Towards Dynamic Theory of Mind: Evaluating LLM Adaptation to Temporal Evolution of Human States
Yang Xiao, Jiashuo Wang, Qiancheng Xu, Changhe Song, Chunpu Xu, Yi Cheng, Wenjie Li, Pengfei Liu
2025-05-29
Summary
This paper talks about DynToM, a new test designed to see how well large language models (LLMs) can follow and understand how people's thoughts and feelings change over time in different social situations.
What's the problem?
The problem is that most current tests only check if AI can understand someone's mental state at a single moment, but in real life, people's thoughts and emotions evolve as situations change. Existing language models struggle to keep track of these changes, and their performance is much worse than humans when it comes to understanding how mental states shift across different scenarios.
What's the solution?
To address this, the researchers created DynToM, a large and realistic benchmark with thousands of social situations and questions.
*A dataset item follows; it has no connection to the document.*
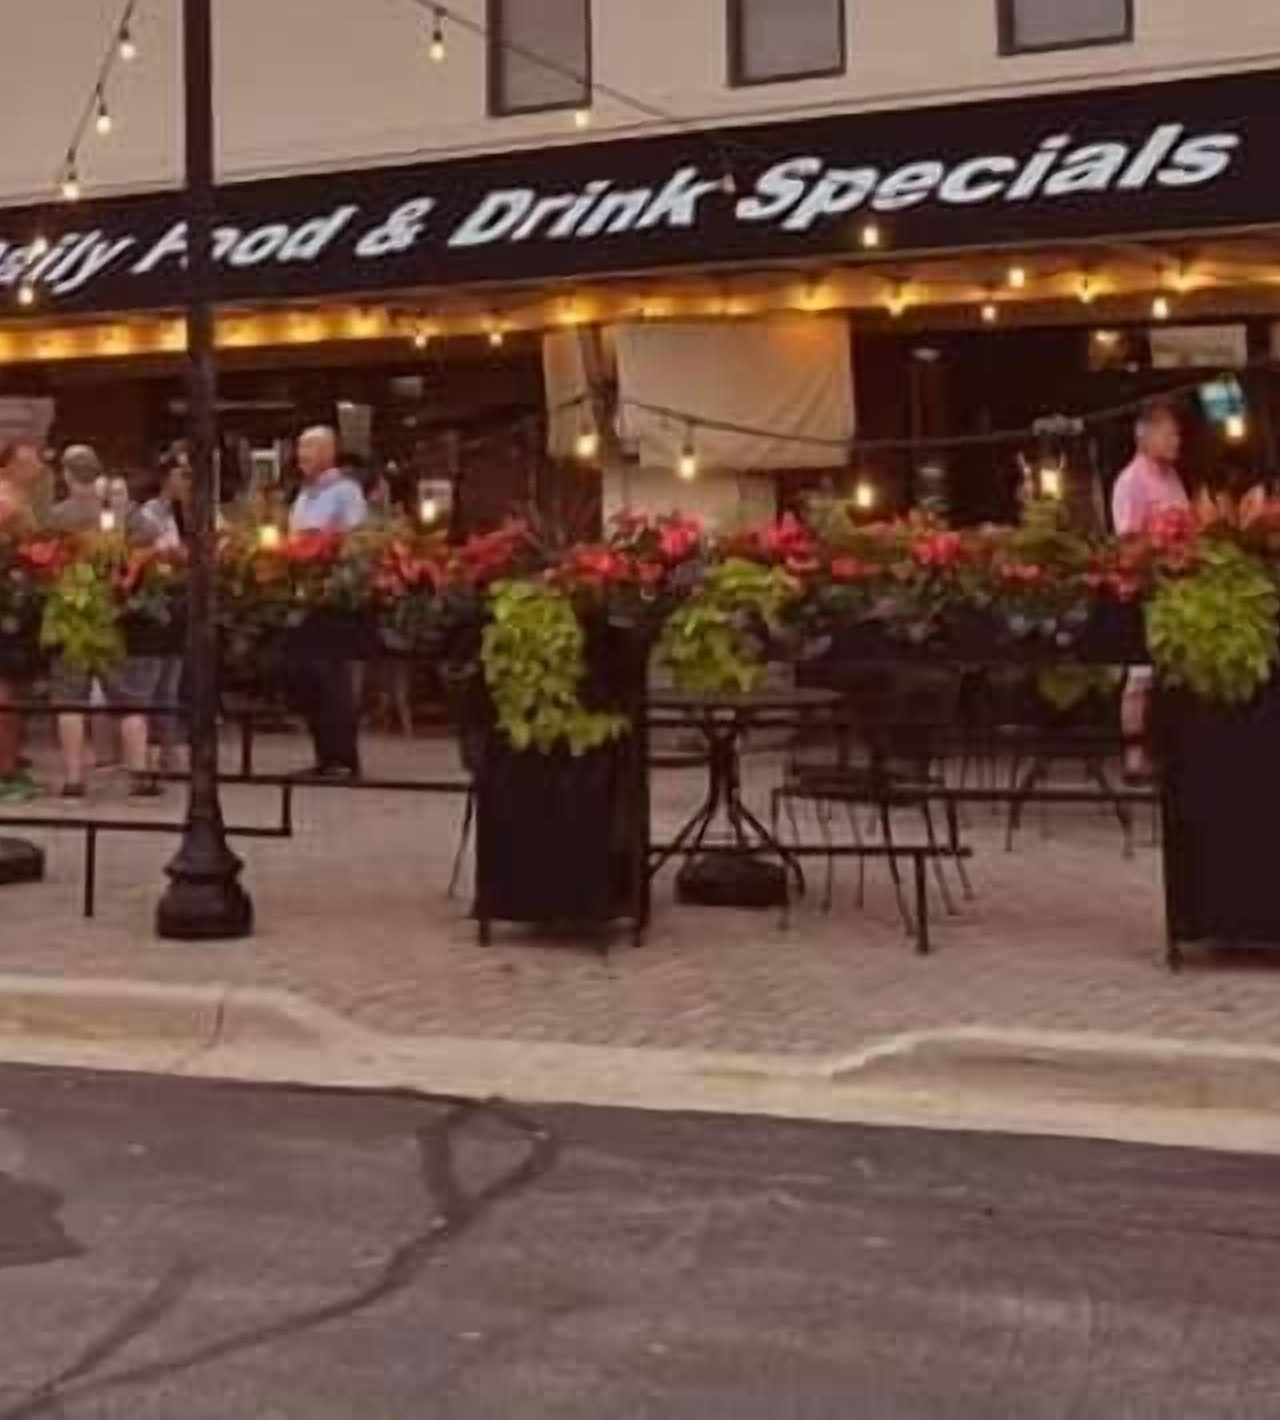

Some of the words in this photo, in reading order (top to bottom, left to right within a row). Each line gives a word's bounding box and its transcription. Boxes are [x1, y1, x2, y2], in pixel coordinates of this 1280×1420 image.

This benchmark specifically tests whether AI can track and reason about how mental states change over time, not just in isolated moments. They used this benchmark to evaluate several top language models and found that they still have a long way to go compared to humans.
Why it matters?
This is important because as AI becomes more involved in social and interactive settings, it needs to understand not just what people think or feel right now, but how those thoughts and feelings might change. DynToM helps researchers see where AI falls short and guides future improvements, making AI better at understanding and interacting with people.
Abstract
The DynToM benchmark evaluates LLMs' ability to track and understand the temporal progression of mental states, revealing significant gaps compared to human performance.